(Data extracted from a collection)

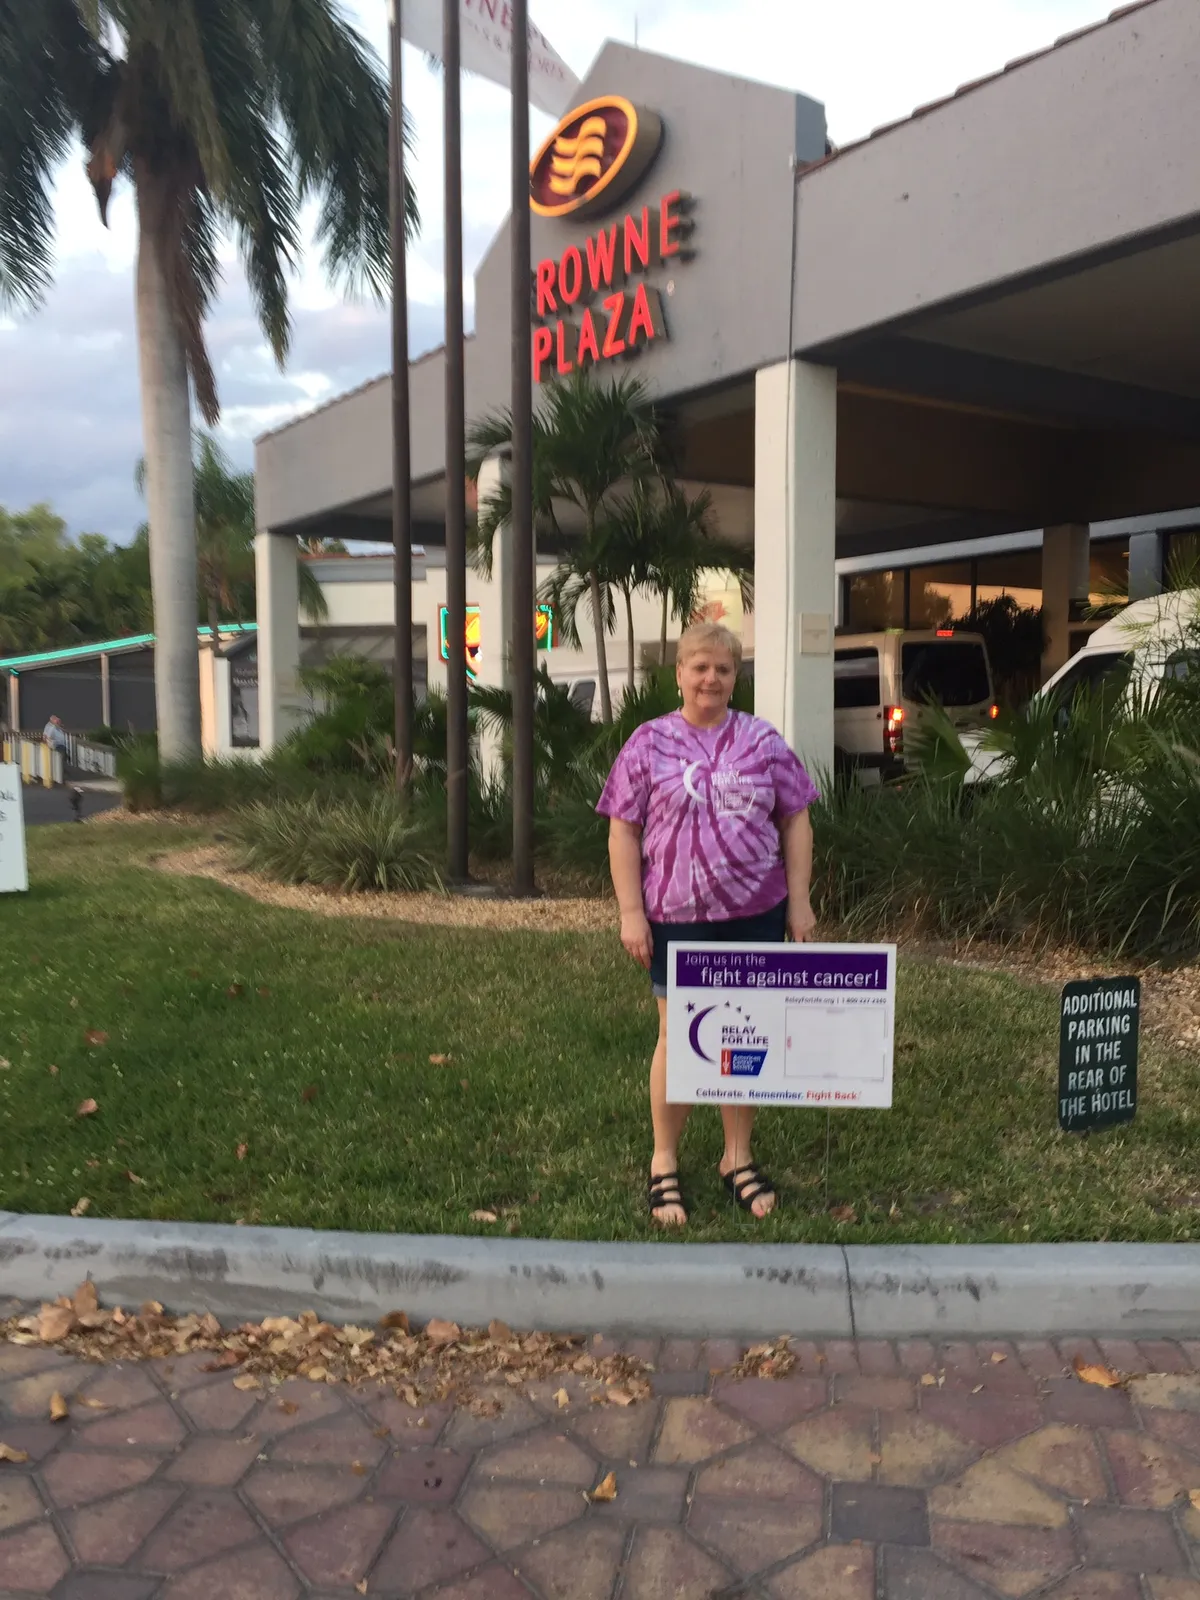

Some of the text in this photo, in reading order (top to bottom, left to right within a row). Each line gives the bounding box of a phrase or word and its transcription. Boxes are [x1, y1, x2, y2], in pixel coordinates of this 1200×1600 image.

[532, 282, 655, 383] PLAZA
[685, 953, 766, 966] Join us in the
[701, 966, 879, 988] fight against cancer!
[1063, 989, 1138, 1016] ADDITIONAL
[722, 1025, 757, 1035] RELAY
[1068, 1014, 1131, 1041] PARKING
[722, 1035, 769, 1045] FOR LIFE
[1075, 1041, 1122, 1065] IN THE
[1068, 1065, 1127, 1092] REAR OF
[806, 1090, 832, 1102] Fight
[1060, 1089, 1134, 1119] THE HOTEL
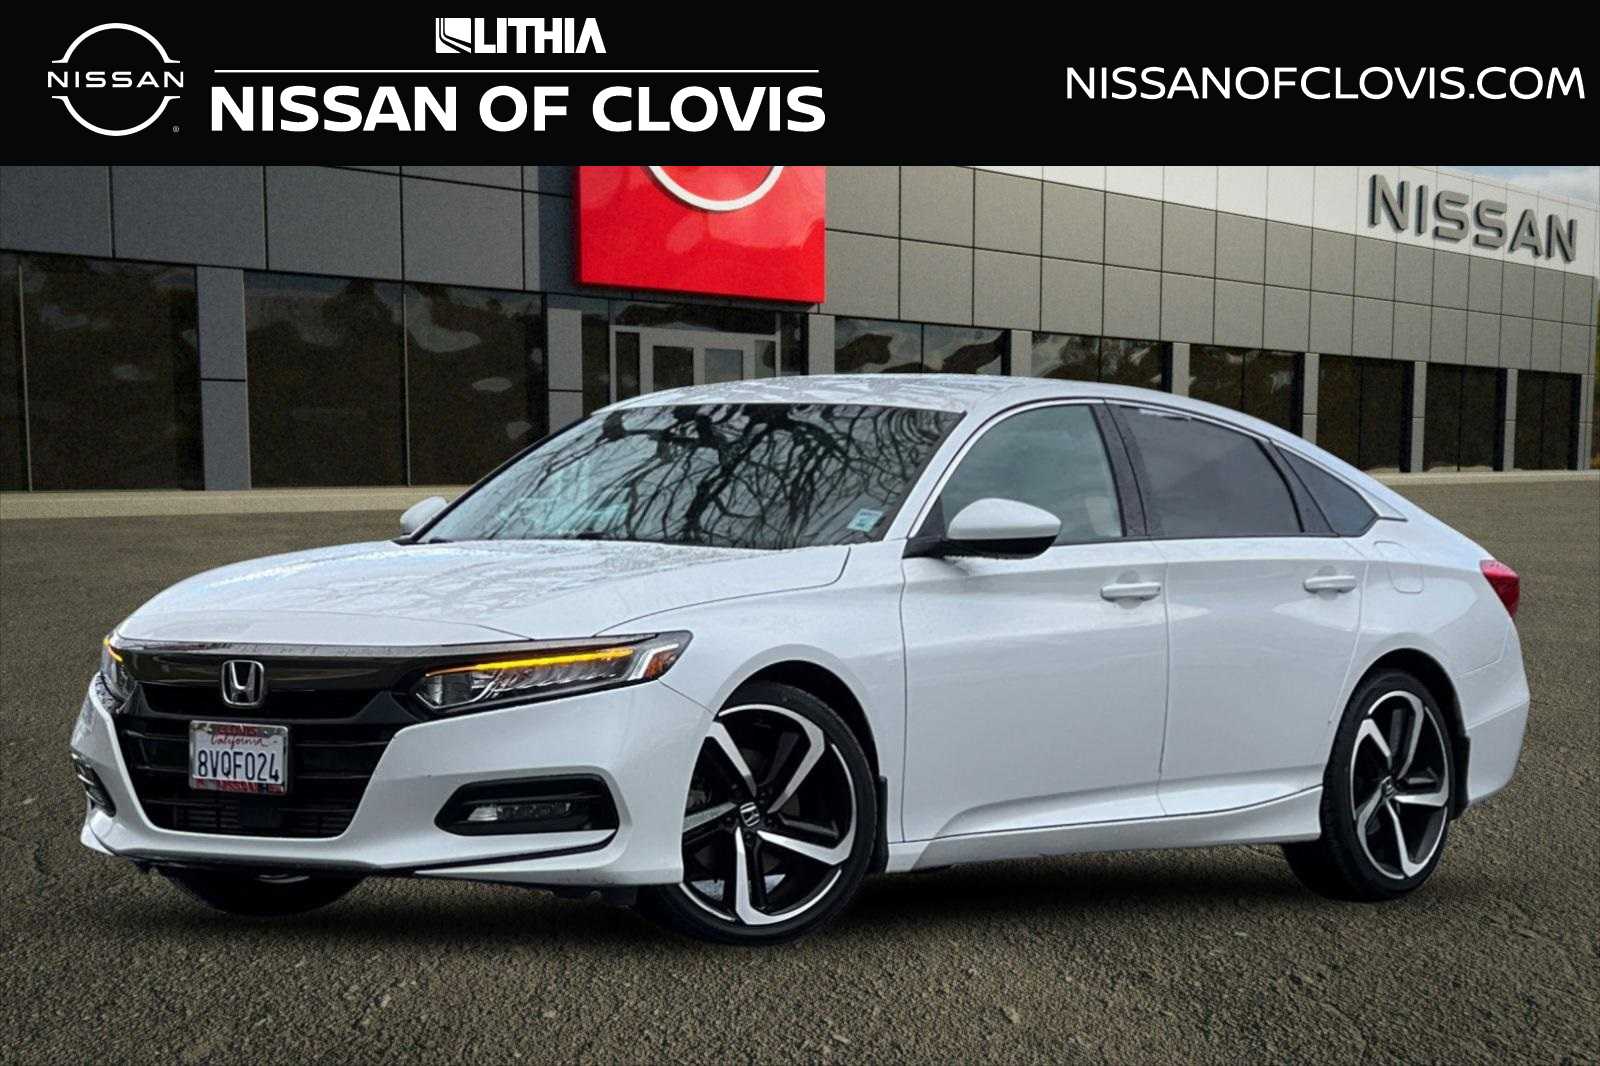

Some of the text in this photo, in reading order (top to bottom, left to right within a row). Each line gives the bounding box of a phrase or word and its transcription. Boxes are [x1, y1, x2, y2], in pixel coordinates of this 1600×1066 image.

[1368, 174, 1577, 263] NISSAN
[211, 733, 268, 750] California
[198, 749, 280, 782] 8VQF024

◆ **Task**: Beginning with the line that holds "this 1600×1066 image." and ending with the last line of the data, copy each line exactly and add nothing.

◆ **Task response**:
Some of the text in this photo, in reading order (top to bottom, left to right within a row). Each line gives the bounding box of a phrase or word and its transcription. Boxes are [x1, y1, x2, y2], in pixel coordinates of this 1600×1066 image.

[1368, 174, 1577, 263] NISSAN
[211, 733, 268, 750] California
[198, 749, 280, 782] 8VQF024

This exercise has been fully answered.